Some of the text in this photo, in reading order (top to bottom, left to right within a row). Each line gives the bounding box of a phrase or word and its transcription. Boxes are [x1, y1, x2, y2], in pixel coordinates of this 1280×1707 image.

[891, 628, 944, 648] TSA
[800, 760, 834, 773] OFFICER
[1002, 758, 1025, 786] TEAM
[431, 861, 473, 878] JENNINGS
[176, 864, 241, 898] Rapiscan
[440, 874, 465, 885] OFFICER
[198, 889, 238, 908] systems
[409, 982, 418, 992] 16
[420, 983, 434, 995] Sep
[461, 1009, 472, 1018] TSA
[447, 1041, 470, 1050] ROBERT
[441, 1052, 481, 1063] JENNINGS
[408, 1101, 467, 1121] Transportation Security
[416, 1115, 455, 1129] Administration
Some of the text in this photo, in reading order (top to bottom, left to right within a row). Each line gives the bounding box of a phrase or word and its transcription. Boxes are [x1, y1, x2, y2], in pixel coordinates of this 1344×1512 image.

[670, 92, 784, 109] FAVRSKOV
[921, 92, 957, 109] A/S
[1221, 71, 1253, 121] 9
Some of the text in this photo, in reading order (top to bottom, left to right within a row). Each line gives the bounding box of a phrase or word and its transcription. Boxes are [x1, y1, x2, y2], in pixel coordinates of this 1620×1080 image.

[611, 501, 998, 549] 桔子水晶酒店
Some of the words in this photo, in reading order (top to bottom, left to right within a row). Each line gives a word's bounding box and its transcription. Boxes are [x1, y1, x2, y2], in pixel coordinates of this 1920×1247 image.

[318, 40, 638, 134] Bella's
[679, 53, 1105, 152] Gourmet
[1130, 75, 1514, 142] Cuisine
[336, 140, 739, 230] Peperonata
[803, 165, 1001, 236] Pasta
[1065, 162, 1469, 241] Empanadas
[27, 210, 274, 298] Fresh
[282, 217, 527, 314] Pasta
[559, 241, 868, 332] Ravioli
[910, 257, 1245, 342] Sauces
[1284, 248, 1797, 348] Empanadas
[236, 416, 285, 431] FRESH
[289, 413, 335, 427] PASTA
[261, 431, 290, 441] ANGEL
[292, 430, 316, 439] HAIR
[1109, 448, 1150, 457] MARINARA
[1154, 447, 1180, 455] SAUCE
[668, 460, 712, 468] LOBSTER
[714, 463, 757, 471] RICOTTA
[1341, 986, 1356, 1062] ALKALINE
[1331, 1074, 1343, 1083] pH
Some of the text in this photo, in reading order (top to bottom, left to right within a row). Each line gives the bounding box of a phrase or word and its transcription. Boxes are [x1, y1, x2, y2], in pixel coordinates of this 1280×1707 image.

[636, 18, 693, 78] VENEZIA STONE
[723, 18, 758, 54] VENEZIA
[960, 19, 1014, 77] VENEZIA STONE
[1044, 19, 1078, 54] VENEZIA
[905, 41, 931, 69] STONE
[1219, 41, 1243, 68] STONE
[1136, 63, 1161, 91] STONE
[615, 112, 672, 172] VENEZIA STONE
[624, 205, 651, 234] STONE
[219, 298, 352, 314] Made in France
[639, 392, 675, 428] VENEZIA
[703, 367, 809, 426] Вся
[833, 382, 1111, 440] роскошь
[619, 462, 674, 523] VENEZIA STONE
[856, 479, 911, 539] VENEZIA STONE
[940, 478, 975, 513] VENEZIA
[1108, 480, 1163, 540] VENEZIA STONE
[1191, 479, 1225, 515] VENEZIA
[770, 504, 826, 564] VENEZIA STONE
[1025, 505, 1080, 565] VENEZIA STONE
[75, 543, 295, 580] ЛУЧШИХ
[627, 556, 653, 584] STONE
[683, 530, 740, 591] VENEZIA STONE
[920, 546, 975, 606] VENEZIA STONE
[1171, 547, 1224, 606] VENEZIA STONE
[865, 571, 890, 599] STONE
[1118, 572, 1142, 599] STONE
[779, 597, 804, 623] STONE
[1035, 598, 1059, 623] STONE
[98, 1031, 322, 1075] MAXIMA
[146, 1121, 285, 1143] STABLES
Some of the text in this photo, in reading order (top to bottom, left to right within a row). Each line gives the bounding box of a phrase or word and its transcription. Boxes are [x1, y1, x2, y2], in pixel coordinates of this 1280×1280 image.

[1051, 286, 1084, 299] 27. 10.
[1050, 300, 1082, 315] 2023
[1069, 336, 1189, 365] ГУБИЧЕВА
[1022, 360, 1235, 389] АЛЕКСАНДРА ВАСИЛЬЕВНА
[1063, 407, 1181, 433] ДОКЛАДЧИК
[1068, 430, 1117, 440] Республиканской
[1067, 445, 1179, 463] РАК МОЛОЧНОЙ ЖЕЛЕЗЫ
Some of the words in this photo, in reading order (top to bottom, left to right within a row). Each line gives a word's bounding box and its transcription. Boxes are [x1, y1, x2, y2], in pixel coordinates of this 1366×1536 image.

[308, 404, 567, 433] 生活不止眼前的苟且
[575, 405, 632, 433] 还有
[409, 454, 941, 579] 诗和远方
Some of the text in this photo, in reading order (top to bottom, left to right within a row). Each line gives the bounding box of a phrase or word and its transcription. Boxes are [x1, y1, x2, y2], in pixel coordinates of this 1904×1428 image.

- EXERCISE DIRECTIONS
Reproduce the records above exactly. Leave nothing out.

- EXERCISE OUTPUT
Some of the text in this photo, in reading order (top to bottom, left to right within a row). Each line gives the bounding box of a phrase or word and its transcription. Boxes are [x1, y1, x2, y2], in pixel coordinates of this 1280×1707 image.

[891, 628, 944, 648] TSA
[800, 760, 834, 773] OFFICER
[1002, 758, 1025, 786] TEAM
[431, 861, 473, 878] JENNINGS
[176, 864, 241, 898] Rapiscan
[440, 874, 465, 885] OFFICER
[198, 889, 238, 908] systems
[409, 982, 418, 992] 16
[420, 983, 434, 995] Sep
[461, 1009, 472, 1018] TSA
[447, 1041, 470, 1050] ROBERT
[441, 1052, 481, 1063] JENNINGS
[408, 1101, 467, 1121] Transportation Security
[416, 1115, 455, 1129] Administration
Some of the text in this photo, in reading order (top to bottom, left to right within a row). Each line gives the bounding box of a phrase or word and its transcription. Boxes are [x1, y1, x2, y2], in pixel coordinates of this 1344×1512 image.

[670, 92, 784, 109] FAVRSKOV
[921, 92, 957, 109] A/S
[1221, 71, 1253, 121] 9
Some of the text in this photo, in reading order (top to bottom, left to right within a row). Each line gives the bounding box of a phrase or word and its transcription. Boxes are [x1, y1, x2, y2], in pixel coordinates of this 1620×1080 image.

[611, 501, 998, 549] 桔子水晶酒店
Some of the words in this photo, in reading order (top to bottom, left to right within a row). Each line gives a word's bounding box and its transcription. Boxes are [x1, y1, x2, y2], in pixel coordinates of this 1920×1247 image.

[318, 40, 638, 134] Bella's
[679, 53, 1105, 152] Gourmet
[1130, 75, 1514, 142] Cuisine
[336, 140, 739, 230] Peperonata
[803, 165, 1001, 236] Pasta
[1065, 162, 1469, 241] Empanadas
[27, 210, 274, 298] Fresh
[282, 217, 527, 314] Pasta
[559, 241, 868, 332] Ravioli
[910, 257, 1245, 342] Sauces
[1284, 248, 1797, 348] Empanadas
[236, 416, 285, 431] FRESH
[289, 413, 335, 427] PASTA
[261, 431, 290, 441] ANGEL
[292, 430, 316, 439] HAIR
[1109, 448, 1150, 457] MARINARA
[1154, 447, 1180, 455] SAUCE
[668, 460, 712, 468] LOBSTER
[714, 463, 757, 471] RICOTTA
[1341, 986, 1356, 1062] ALKALINE
[1331, 1074, 1343, 1083] pH
Some of the text in this photo, in reading order (top to bottom, left to right within a row). Each line gives the bounding box of a phrase or word and its transcription. Boxes are [x1, y1, x2, y2], in pixel coordinates of this 1280×1707 image.

[636, 18, 693, 78] VENEZIA STONE
[723, 18, 758, 54] VENEZIA
[960, 19, 1014, 77] VENEZIA STONE
[1044, 19, 1078, 54] VENEZIA
[905, 41, 931, 69] STONE
[1219, 41, 1243, 68] STONE
[1136, 63, 1161, 91] STONE
[615, 112, 672, 172] VENEZIA STONE
[624, 205, 651, 234] STONE
[219, 298, 352, 314] Made in France
[639, 392, 675, 428] VENEZIA
[703, 367, 809, 426] Вся
[833, 382, 1111, 440] роскошь
[619, 462, 674, 523] VENEZIA STONE
[856, 479, 911, 539] VENEZIA STONE
[940, 478, 975, 513] VENEZIA
[1108, 480, 1163, 540] VENEZIA STONE
[1191, 479, 1225, 515] VENEZIA
[770, 504, 826, 564] VENEZIA STONE
[1025, 505, 1080, 565] VENEZIA STONE
[75, 543, 295, 580] ЛУЧШИХ
[627, 556, 653, 584] STONE
[683, 530, 740, 591] VENEZIA STONE
[920, 546, 975, 606] VENEZIA STONE
[1171, 547, 1224, 606] VENEZIA STONE
[865, 571, 890, 599] STONE
[1118, 572, 1142, 599] STONE
[779, 597, 804, 623] STONE
[1035, 598, 1059, 623] STONE
[98, 1031, 322, 1075] MAXIMA
[146, 1121, 285, 1143] STABLES
Some of the text in this photo, in reading order (top to bottom, left to right within a row). Each line gives the bounding box of a phrase or word and its transcription. Boxes are [x1, y1, x2, y2], in pixel coordinates of this 1280×1280 image.

[1051, 286, 1084, 299] 27. 10.
[1050, 300, 1082, 315] 2023
[1069, 336, 1189, 365] ГУБИЧЕВА
[1022, 360, 1235, 389] АЛЕКСАНДРА ВАСИЛЬЕВНА
[1063, 407, 1181, 433] ДОКЛАДЧИК
[1068, 430, 1117, 440] Республиканской
[1067, 445, 1179, 463] РАК МОЛОЧНОЙ ЖЕЛЕЗЫ
Some of the words in this photo, in reading order (top to bottom, left to right within a row). Each line gives a word's bounding box and its transcription. Boxes are [x1, y1, x2, y2], in pixel coordinates of this 1366×1536 image.

[308, 404, 567, 433] 生活不止眼前的苟且
[575, 405, 632, 433] 还有
[409, 454, 941, 579] 诗和远方
Some of the text in this photo, in reading order (top to bottom, left to right within a row). Each line gives the bounding box of a phrase or word and its transcription. Boxes are [x1, y1, x2, y2], in pixel coordinates of this 1904×1428 image.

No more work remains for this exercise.